■ Work item ■
Without including any pictures, please copy every entry below exactly.

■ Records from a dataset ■
*** Begin section ***
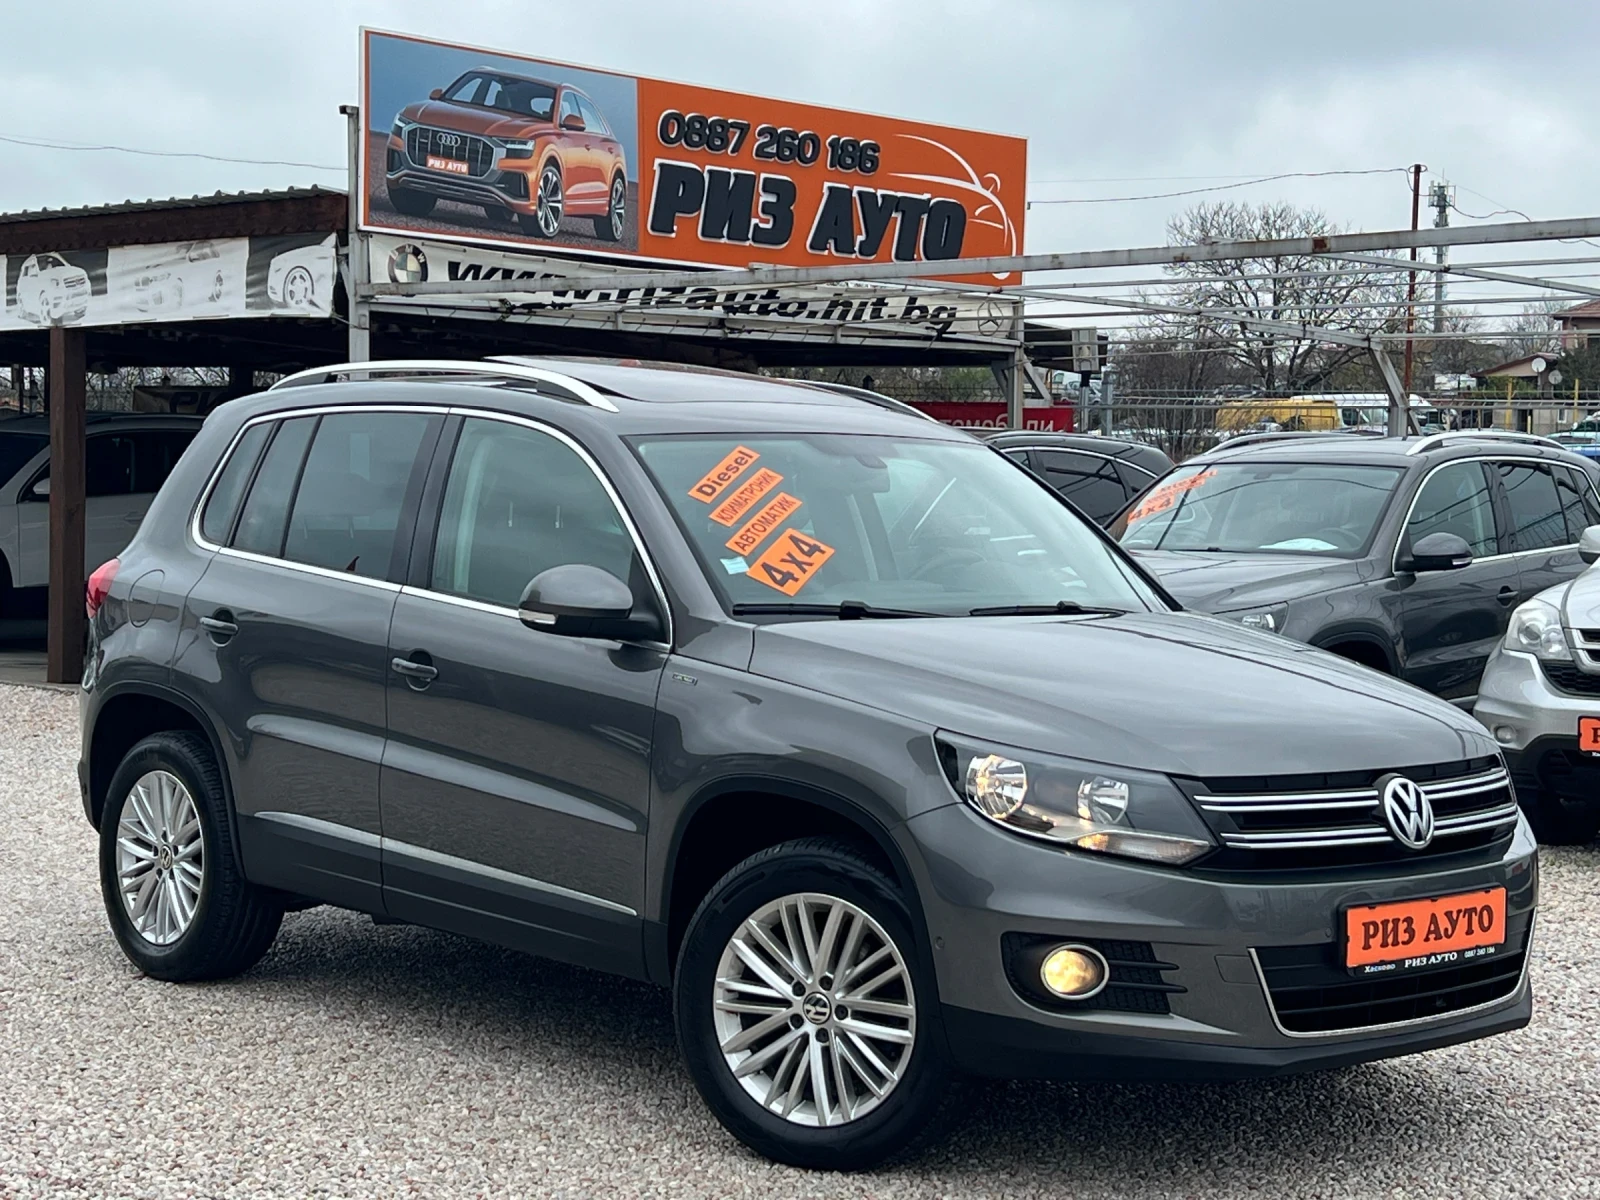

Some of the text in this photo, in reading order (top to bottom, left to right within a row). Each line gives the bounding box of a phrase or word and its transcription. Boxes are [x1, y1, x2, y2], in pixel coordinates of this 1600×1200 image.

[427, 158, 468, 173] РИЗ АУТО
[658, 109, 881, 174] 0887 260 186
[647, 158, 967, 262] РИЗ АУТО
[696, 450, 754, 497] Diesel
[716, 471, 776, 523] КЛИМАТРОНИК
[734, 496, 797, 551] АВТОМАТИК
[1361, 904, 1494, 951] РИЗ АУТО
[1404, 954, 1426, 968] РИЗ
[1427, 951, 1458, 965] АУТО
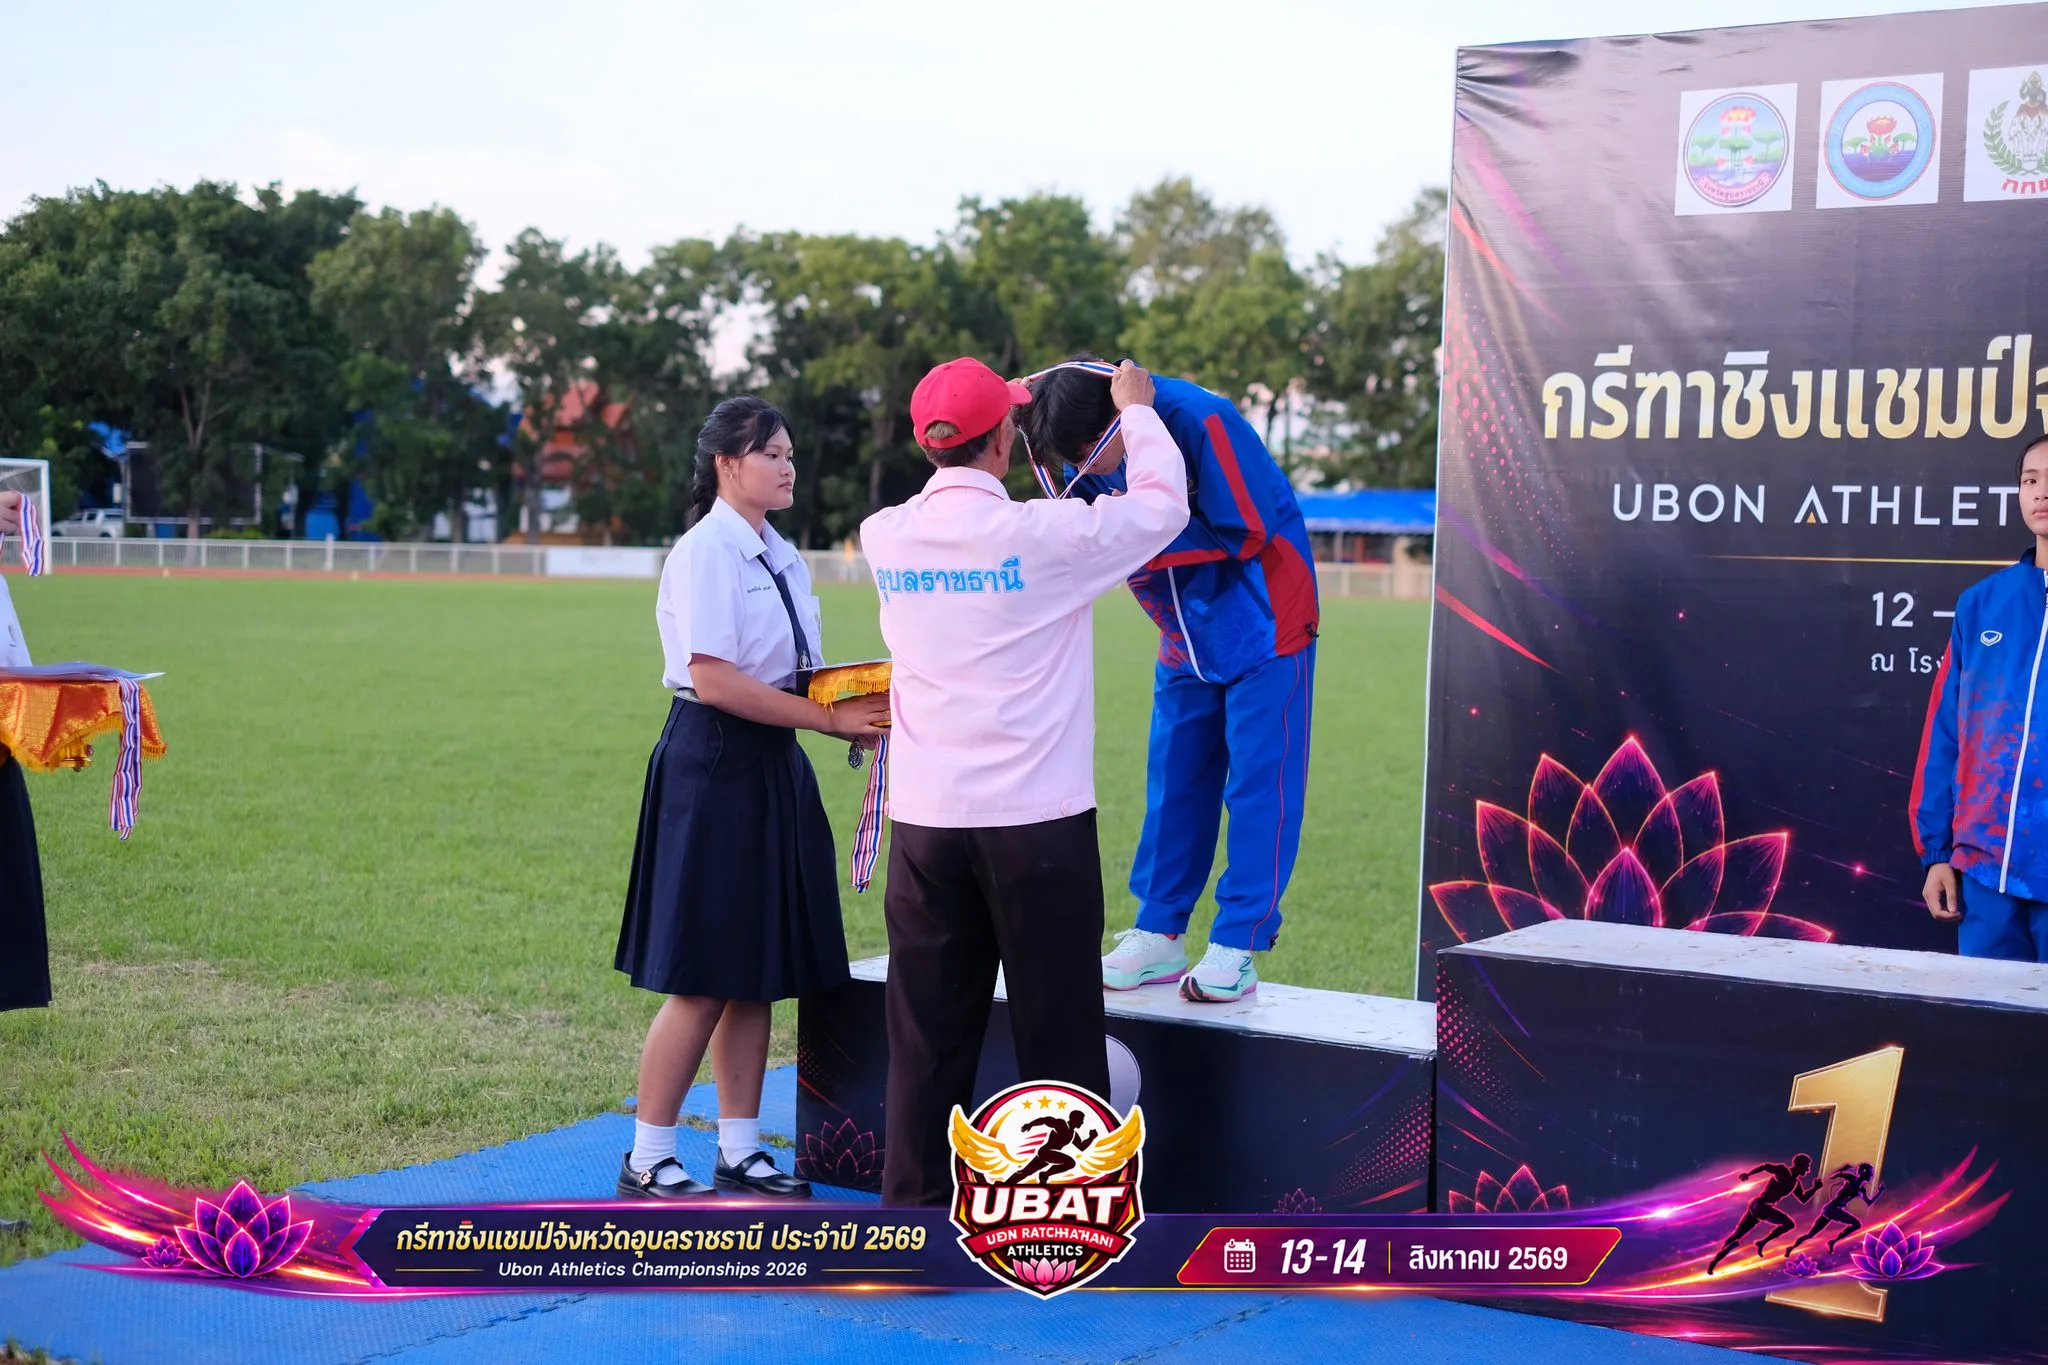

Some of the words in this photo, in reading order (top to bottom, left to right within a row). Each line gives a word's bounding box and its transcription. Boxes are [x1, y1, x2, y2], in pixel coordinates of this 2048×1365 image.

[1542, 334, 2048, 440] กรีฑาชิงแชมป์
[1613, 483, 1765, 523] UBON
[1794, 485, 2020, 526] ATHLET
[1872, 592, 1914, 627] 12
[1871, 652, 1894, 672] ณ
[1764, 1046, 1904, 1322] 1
*** End section ***
■ Answer space ■
Some of the text in this photo, in reading order (top to bottom, left to right within a row). Each line gives the bounding box of a phrase or word and its transcription. Boxes are [x1, y1, x2, y2], in pixel coordinates of this 1600×1200 image.

[427, 158, 468, 173] РИЗ АУТО
[658, 109, 881, 174] 0887 260 186
[647, 158, 967, 262] РИЗ АУТО
[696, 450, 754, 497] Diesel
[716, 471, 776, 523] КЛИМАТРОНИК
[734, 496, 797, 551] АВТОМАТИК
[1361, 904, 1494, 951] РИЗ АУТО
[1404, 954, 1426, 968] РИЗ
[1427, 951, 1458, 965] АУТО

Some of the words in this photo, in reading order (top to bottom, left to right within a row). Each line gives a word's bounding box and its transcription. Boxes are [x1, y1, x2, y2], in pixel coordinates of this 2048×1365 image.

[1542, 334, 2048, 440] กรีฑาชิงแชมป์
[1613, 483, 1765, 523] UBON
[1794, 485, 2020, 526] ATHLET
[1872, 592, 1914, 627] 12
[1871, 652, 1894, 672] ณ
[1764, 1046, 1904, 1322] 1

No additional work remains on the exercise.